In today’s business world, including China’s, gender equality and social responsibility are slowly becoming more visible priorities. Across the world, businesses are being called to play a role in creating a more inclusive working environment through meaningful actions and policies.
To meet such a mandate for change, companies must establish organizational procedures to eliminate or filter out gender discrimination and workplace harassment, with clear safeguards in place and accountability at all staff levels.

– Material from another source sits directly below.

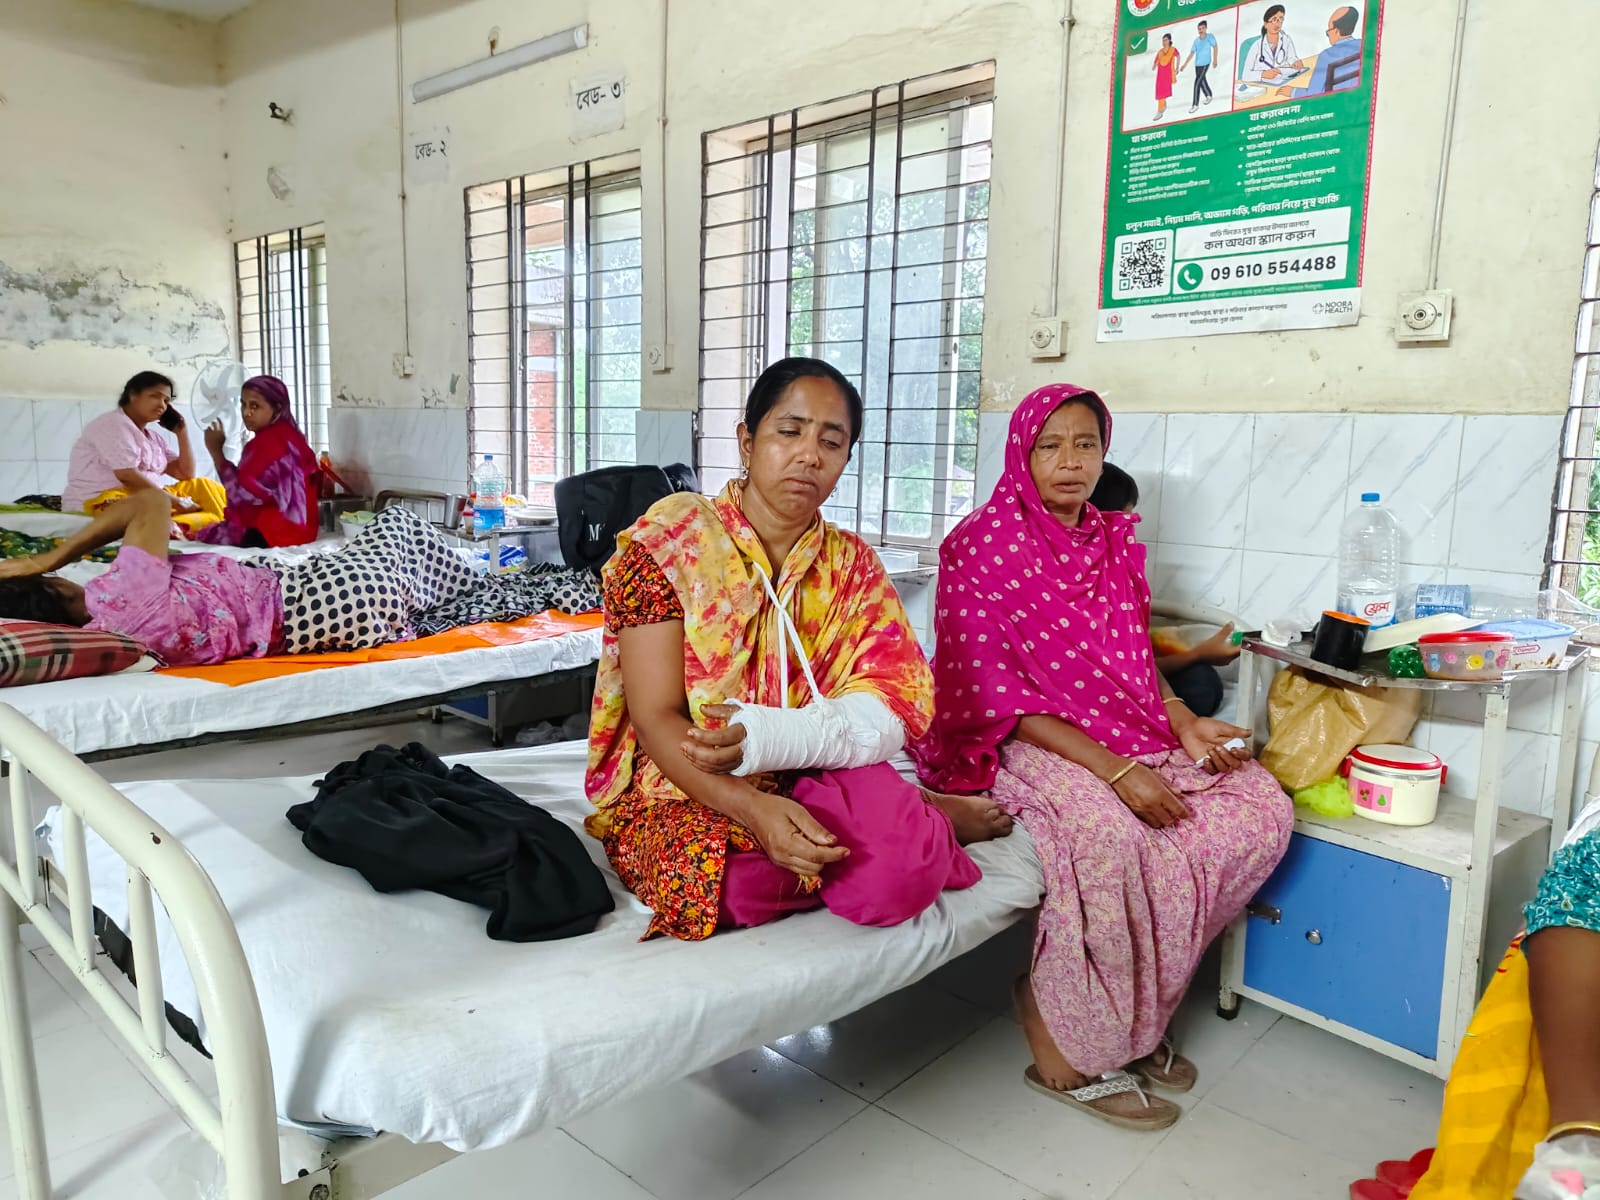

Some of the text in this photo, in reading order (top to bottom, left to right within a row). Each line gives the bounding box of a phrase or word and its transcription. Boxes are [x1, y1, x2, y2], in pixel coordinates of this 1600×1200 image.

In this context, we discuss the position of women in the workplace in China and legal safeguards, such as the revised Women’s Protection Law, which employers must consider when establishing an organizational culture that ensures a respectful workplace.
Women’s rights in China
Like many countries around the world, China has faced challenges in promoting gender equality and protecting women’s rights. While progress has been made in recent years, issues such as workplace discrimination, domestic violence, and limited access to education and employment opportunities continue to impact women in China.
The government has also pledged to boost gender equity in the Science, technology, engineering, and mathematics (STEM) research sector, which is still male-dominated. This under-representation is evidenced by the meager 6 percent female membership in the Chinese Academy of Sciences. This figure is quite telling because women make up 46 percent of the country’s science and technology labor force. To remedy this imbalance, the government has planned a series of measures that include enhanced training and career development slots, as well as recruiting more women into leadership positions.
Moreover, the Chinese government has taken steps to strengthen its legal framework for protecting women’s rights. The latest updates to the women’s protection law are part of a broader effort to promote gender equality and create a more inclusive society. While the government recognizes that more work needs to be done to fully address gender inequality in China, these updates are a step in the right direction.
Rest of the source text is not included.